● **WHAT TO WORK ON**:
After locating the line with "Some of the words", reproduce that line and every one following it exactly, up to the end of the entries.
Content starts
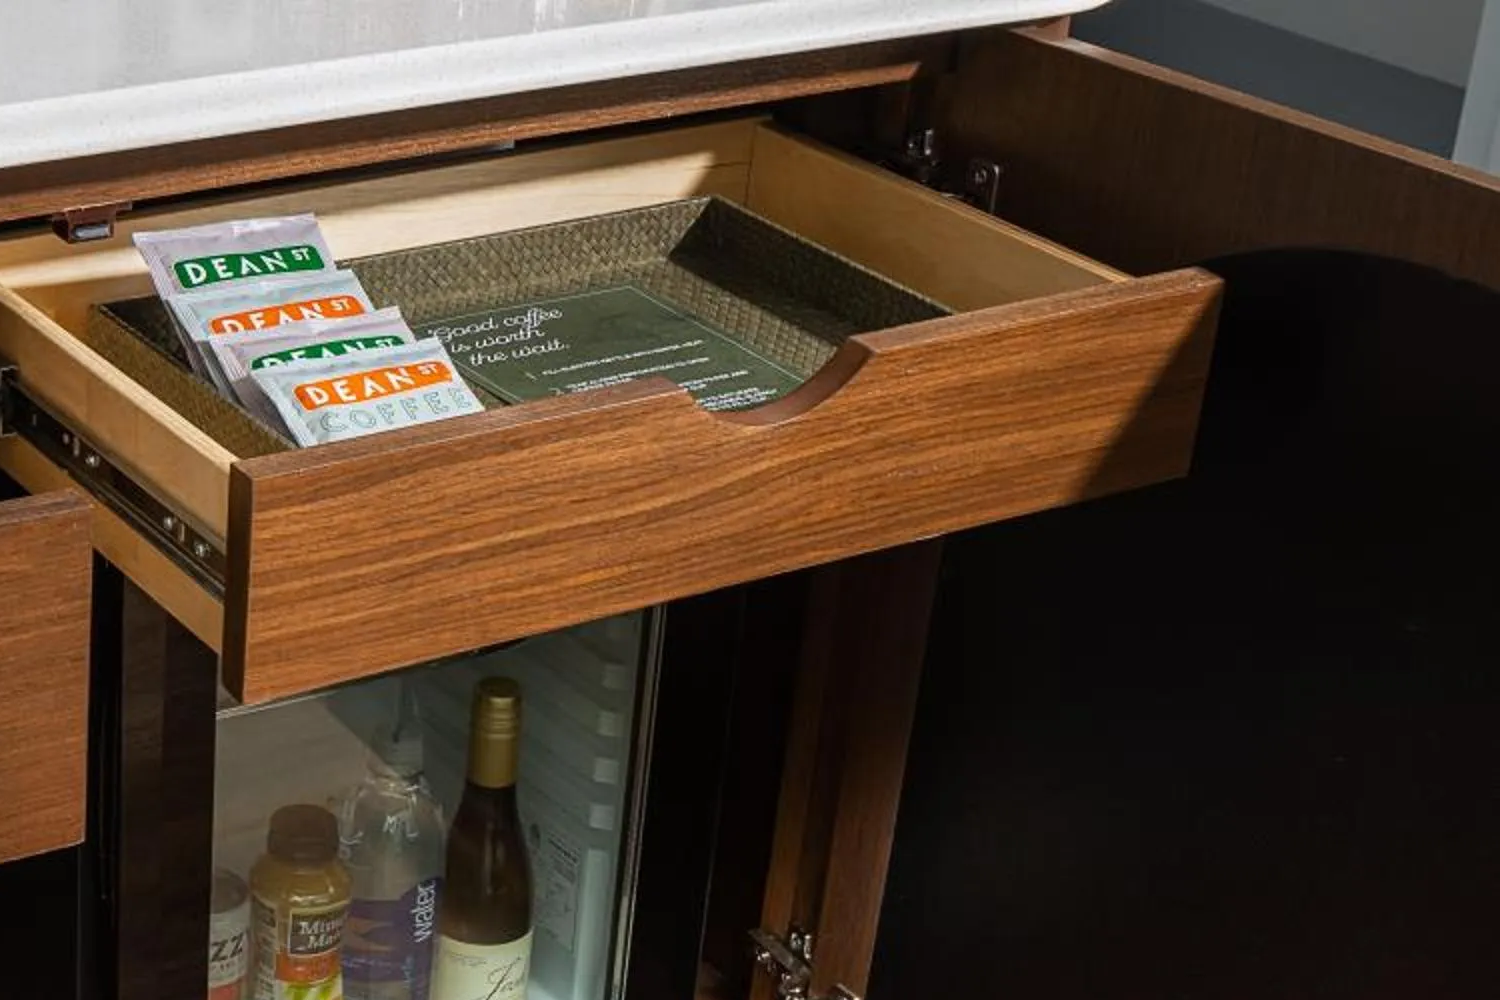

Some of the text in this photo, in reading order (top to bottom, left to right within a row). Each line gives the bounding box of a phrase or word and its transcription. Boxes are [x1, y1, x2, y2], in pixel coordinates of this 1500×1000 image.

[183, 248, 310, 285] DEAN ST
[331, 299, 350, 311] ST
[503, 307, 563, 328] coffee
[469, 352, 509, 366] the
[305, 363, 438, 405] DEAN ST
[320, 388, 472, 433] COFFEE
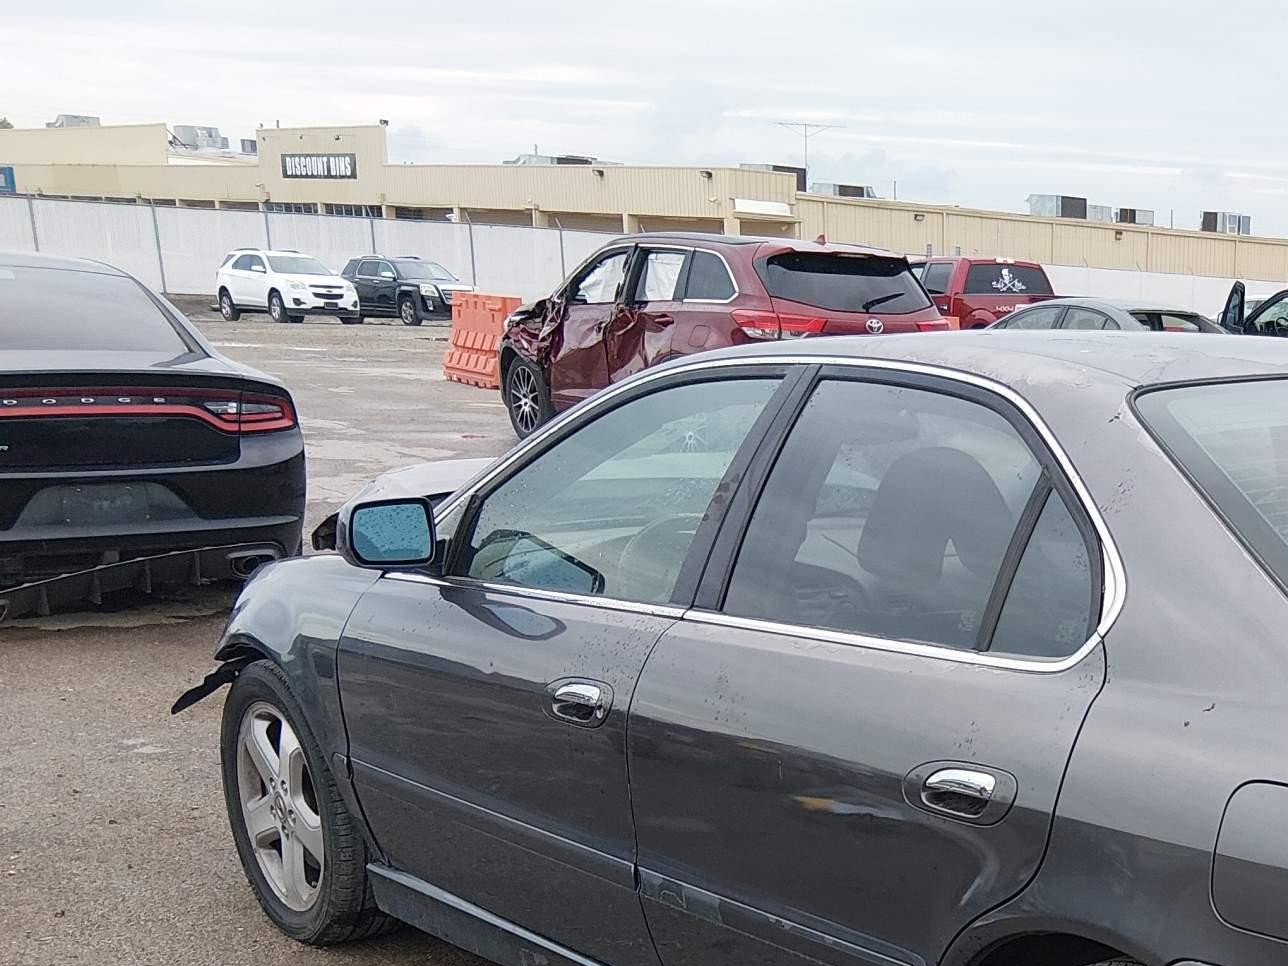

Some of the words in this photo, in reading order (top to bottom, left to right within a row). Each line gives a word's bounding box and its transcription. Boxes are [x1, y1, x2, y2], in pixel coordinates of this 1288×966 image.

[285, 156, 328, 176] DISCOUNT
[329, 156, 352, 176] BINS
[3, 397, 166, 406] DODGE
Content ends
● **SOLUTION**:
Some of the words in this photo, in reading order (top to bottom, left to right within a row). Each line gives a word's bounding box and its transcription. Boxes are [x1, y1, x2, y2], in pixel coordinates of this 1288×966 image.

[285, 156, 328, 176] DISCOUNT
[329, 156, 352, 176] BINS
[3, 397, 166, 406] DODGE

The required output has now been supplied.